Constructing motion spaces of ant mandibles from microCT scans using vector embeddings.

Recent advances in microCT scanning technology allow for a large amount of high-fidelity geometric data to be collected across the tree of life. However, these high fidelity 3D scanning methods have rarely been utilized to shed light on the motion or kinematic state space of animals. This imaging methodology is particularly promising for organisms that operate at a scale difficult to record with standard motion capture solutions. Taking ants as a motivating example, we set out to characterize the range of three-dimensional kinematics of ant mandibles across several ant families and among several Hymenopteran clades for a broader phylogenetic context. We make use of microCT scan data of both closed and open states of the mandible of preserved specimens to generate three-dimensional models of both the head and the mandible for a phylogenetically and morphologically broad sample.
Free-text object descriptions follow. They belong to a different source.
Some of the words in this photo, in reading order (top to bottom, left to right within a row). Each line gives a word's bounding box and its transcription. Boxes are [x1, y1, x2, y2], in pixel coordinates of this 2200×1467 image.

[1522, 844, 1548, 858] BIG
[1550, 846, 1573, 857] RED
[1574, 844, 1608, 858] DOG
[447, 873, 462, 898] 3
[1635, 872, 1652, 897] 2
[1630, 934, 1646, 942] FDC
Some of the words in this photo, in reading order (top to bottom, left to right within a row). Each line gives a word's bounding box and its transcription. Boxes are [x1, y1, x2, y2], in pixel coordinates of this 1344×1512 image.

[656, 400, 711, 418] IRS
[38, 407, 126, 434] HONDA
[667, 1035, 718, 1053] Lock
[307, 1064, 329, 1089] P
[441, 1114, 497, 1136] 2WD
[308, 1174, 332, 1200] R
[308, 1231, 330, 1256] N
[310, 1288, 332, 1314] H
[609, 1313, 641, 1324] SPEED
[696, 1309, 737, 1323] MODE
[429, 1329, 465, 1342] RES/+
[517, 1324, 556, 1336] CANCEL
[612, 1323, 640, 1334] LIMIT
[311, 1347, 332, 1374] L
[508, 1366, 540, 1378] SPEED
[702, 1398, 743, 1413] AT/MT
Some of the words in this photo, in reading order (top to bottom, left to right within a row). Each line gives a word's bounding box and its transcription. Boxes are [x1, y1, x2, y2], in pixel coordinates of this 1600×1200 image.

With these models, we are able to perform three-dimensional interpolation between these open and closed states. Interpolation is done by considering the mandibles as vector embeddings in three-dimensional space. These kinematic predictions are made biologically relevant through collision checking of the mandible geometry against the head geometry. Using the vector embedding representation, we are further able to quantify range-of-motion for use in a comparative framework. Our methodology opens up a new avenue of research based on high-fidelity scanning methods and gives new insight into the kinematics of small-scale organisms.